Шарль оценивал своё собрание слишком высоко. Положа руку на сердце, он вообще не собирался его продавать. Де Бомон сознавал: лишись он документов, и золотой ручеёк из Версаля тут же обмелеет. А потому надо поддерживать торг, ведь и отказать высокому начальству он не мог.
Обременительная услуга по воспитанию русской незаконнорождённой принцессы повышала ценность резидента в глазах Парижа. Де Бомон потому и согласился, что чувствовал шаткость своего положения. Кроме того, ему виделось нечто мистическое в обстоятельствах, приведших дочь Елизаветы в его руки. Когда-то он многим был обязан императрице. Теперь жизнь её ребёнка зависела от него... Таку графини де Бомон появилась милая племянница, прибывшая с континента.
Лиза сидела у окна и, с трудом преодолевая скуку, складывала наибольшее трёхзначное число с наибольшим четырёхзначным и деля сумму на наименьшее двухзначное. Задача была, по мнению девочки, слишком сложная, но графиня настаивала, чтоб её воспитанница занималась арифметикой.
— Цифры приводят разум в порядок, — повторяла дама. Она сама преподавала девочке счёт, геометрию и черчение, а кроме того, французский и верховую езду.
Только в Англии Лиза возобновила уроки. Венецианское житьё отличалось крайней неопределённостью: сидя на саквояжах, не слишком-то позанимаешься. Кардинал Флёри не проявлял особой заботы об образовании маленькой беглянки. Зато мадемуазель де Бомон подошла к вопросу весьма основательно. Она наняла учителей итальянского, немецкого и английского, музыки и танцев. Заметив у девочки склонность к рисованию, специально пригласила модного в Бате молодого художника Гейнсборо, и теперь Лиза раз в неделю с наслаждением вымазывалась краской с головы до ног.
Ей удавались пейзажи, натюрморты меньше, что же касается портретов... Лиза чертила их украдкой и никому не показывала. Впрочем, если девочке и хотелось кого-то нарисовать, то только саму графиню. Эта женщина оставалась для неё загадкой. Кто она? Почему не живёт во Франции? Откуда у неё такое состояние? И какие дела связывают эту строгую насмешливую даму с тайными покровителями Дараган? Ничего этого девочка не знала.
Зато она чувствовала, что графиня — единственная, кто не отмахивается от неё. Не то чтобы та проявляла к маленькой русской тепло или интерес. Держалась отстранённо и настороженно. Объясняла уроки просто, но без излишней снисходительности.
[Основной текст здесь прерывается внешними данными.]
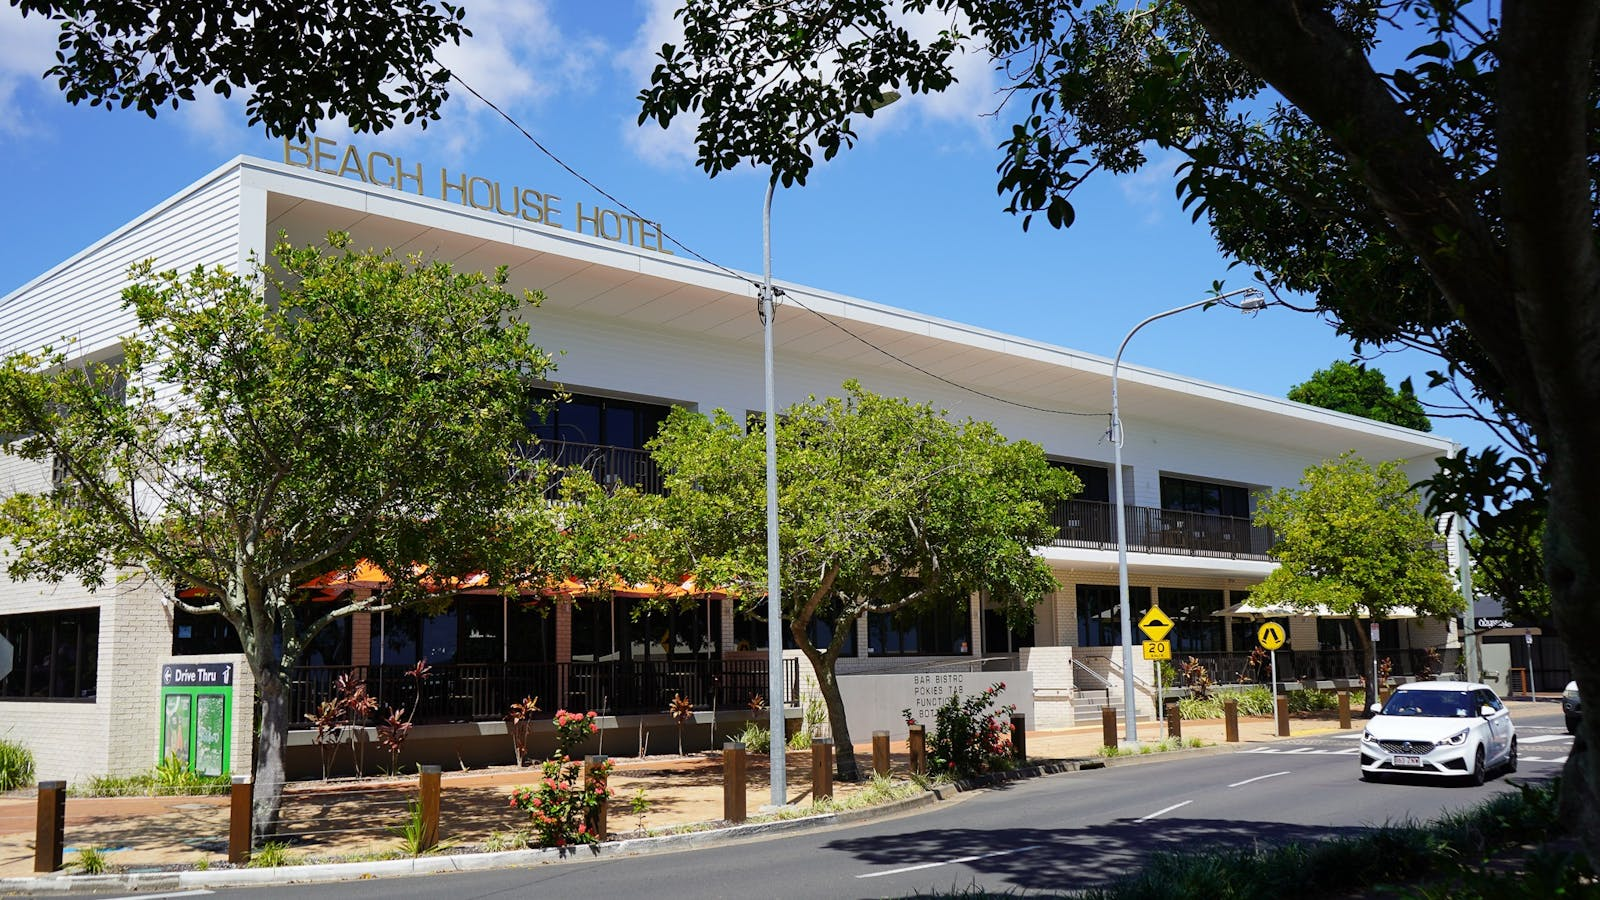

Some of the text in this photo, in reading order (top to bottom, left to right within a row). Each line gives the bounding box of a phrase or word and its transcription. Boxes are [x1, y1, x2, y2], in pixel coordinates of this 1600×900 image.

Однажды на капризное Лизино «не понимаю» она ответила загадочной фразой:
— Извольте напрячь рассудок и вникнуть. У вашей матушки был от природы большой ум, но она потакала своим слабостям и лени. В результате её душу поглотила скука. Она томилась от смутного желания великих дел, но не умела сосредоточиться хоть на чём-нибудь.
— Вы знали мою мать? — поразилась Лиза.
— Пришлось, — нехотя кивнула графиня. — Вам следует муштровать свою наследственность, если вы хотите чего-то добиться.
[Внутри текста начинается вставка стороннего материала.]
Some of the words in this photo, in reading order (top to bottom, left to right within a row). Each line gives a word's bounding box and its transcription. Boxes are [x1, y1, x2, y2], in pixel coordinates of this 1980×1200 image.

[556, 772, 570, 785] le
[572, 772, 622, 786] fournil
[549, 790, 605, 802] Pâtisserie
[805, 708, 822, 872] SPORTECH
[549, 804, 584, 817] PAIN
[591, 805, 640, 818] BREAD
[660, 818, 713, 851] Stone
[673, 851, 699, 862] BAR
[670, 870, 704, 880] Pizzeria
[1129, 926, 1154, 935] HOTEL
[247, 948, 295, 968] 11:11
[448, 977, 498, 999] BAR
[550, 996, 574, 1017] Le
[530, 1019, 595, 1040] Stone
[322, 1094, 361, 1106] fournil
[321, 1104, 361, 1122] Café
— Я ничего не хочу! — вспылила девочка. — Только домой.
— Это не в моей власти, — сухо отрезала собеседница. — Чтоб вернуться домой, вам предстоит много потрудиться.
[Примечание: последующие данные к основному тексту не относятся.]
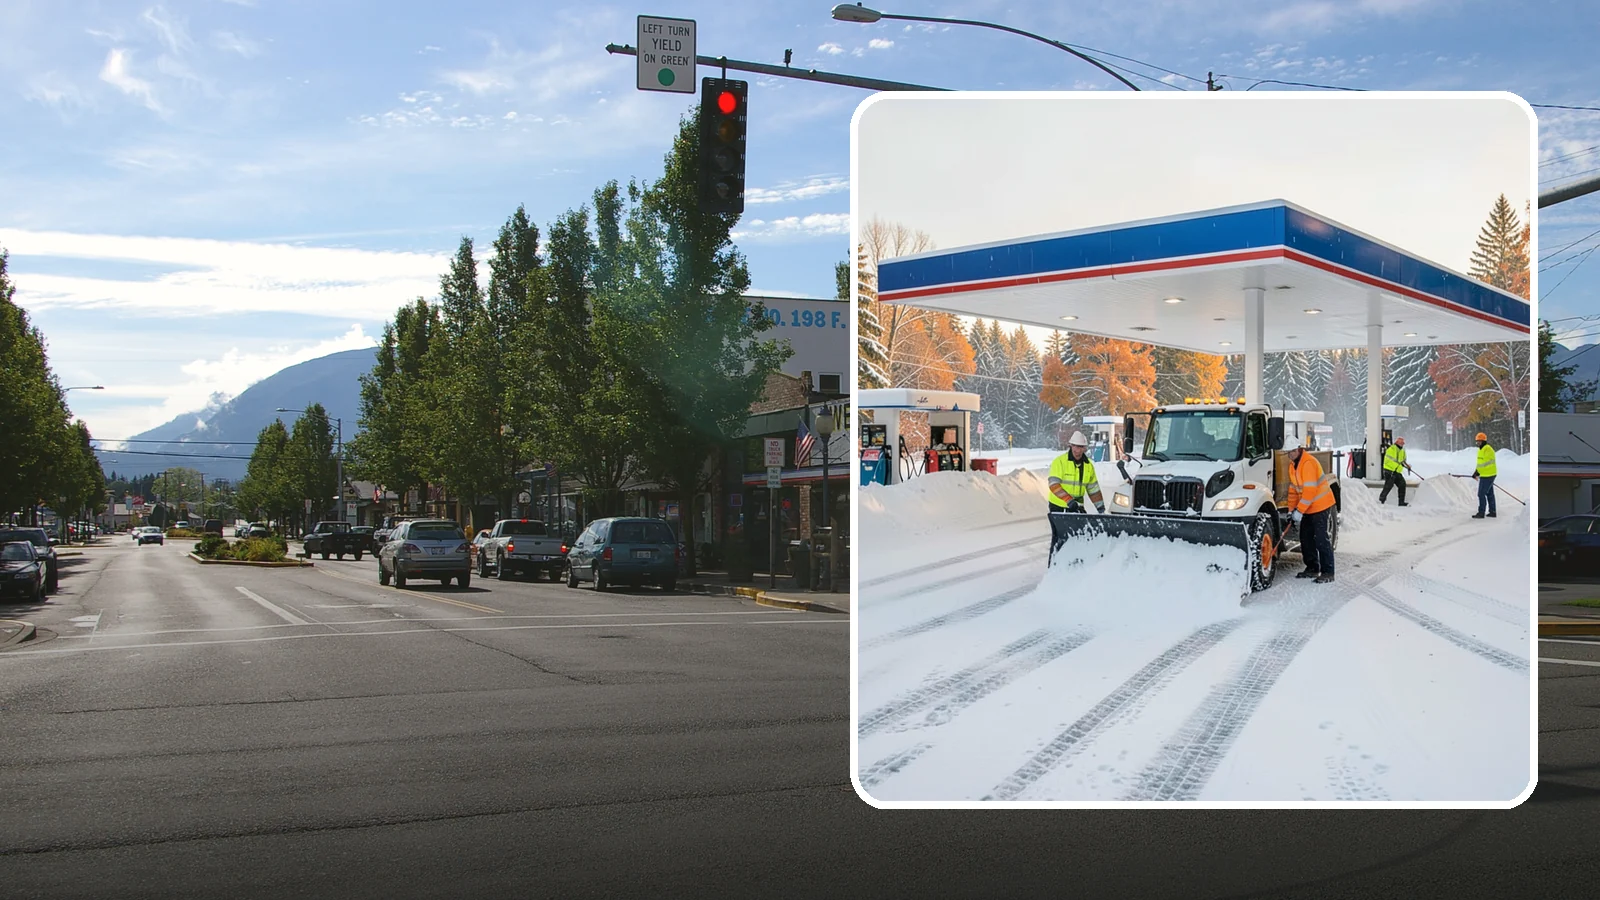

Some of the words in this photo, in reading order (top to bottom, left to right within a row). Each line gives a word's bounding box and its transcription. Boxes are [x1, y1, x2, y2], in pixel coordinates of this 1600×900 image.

[643, 24, 663, 34] LEFT
[668, 26, 690, 36] TURN
[652, 38, 682, 52] YIELD
[791, 310, 826, 328] 198
[831, 312, 846, 328] F.
Лиза трудилась, но с явной ленцой. Были в её характере и природная строптивость, и обыкновенное детское отвращение к учёбе. Но графиня не давала ей спуску. Если надо, даже била линейкой по пальцам.
— Вы воспитывались не на скотном дворе. Где ваши манеры?
Девочка шмыгала носом и тянулась рукой к правильной десертной вилке или ложке для соуса. В доме её отца стол никогда не сервировали с такой тщательностью, а ей делали замечания, только когда она хватала еду руками. Мадемуазель де Бодрикур краснела до корней волос, ведь именно её воспитание подвергалось здесь суровой критике.
— Я полагаю, — однажды вечером сказала графиня, — что Лизе будет полезно посетить театр.
— Боже мой, этот вертеп? — ужаснулась гувернантка. — Господь не благословляет балаганов. Чему она там может научиться? Один разврат!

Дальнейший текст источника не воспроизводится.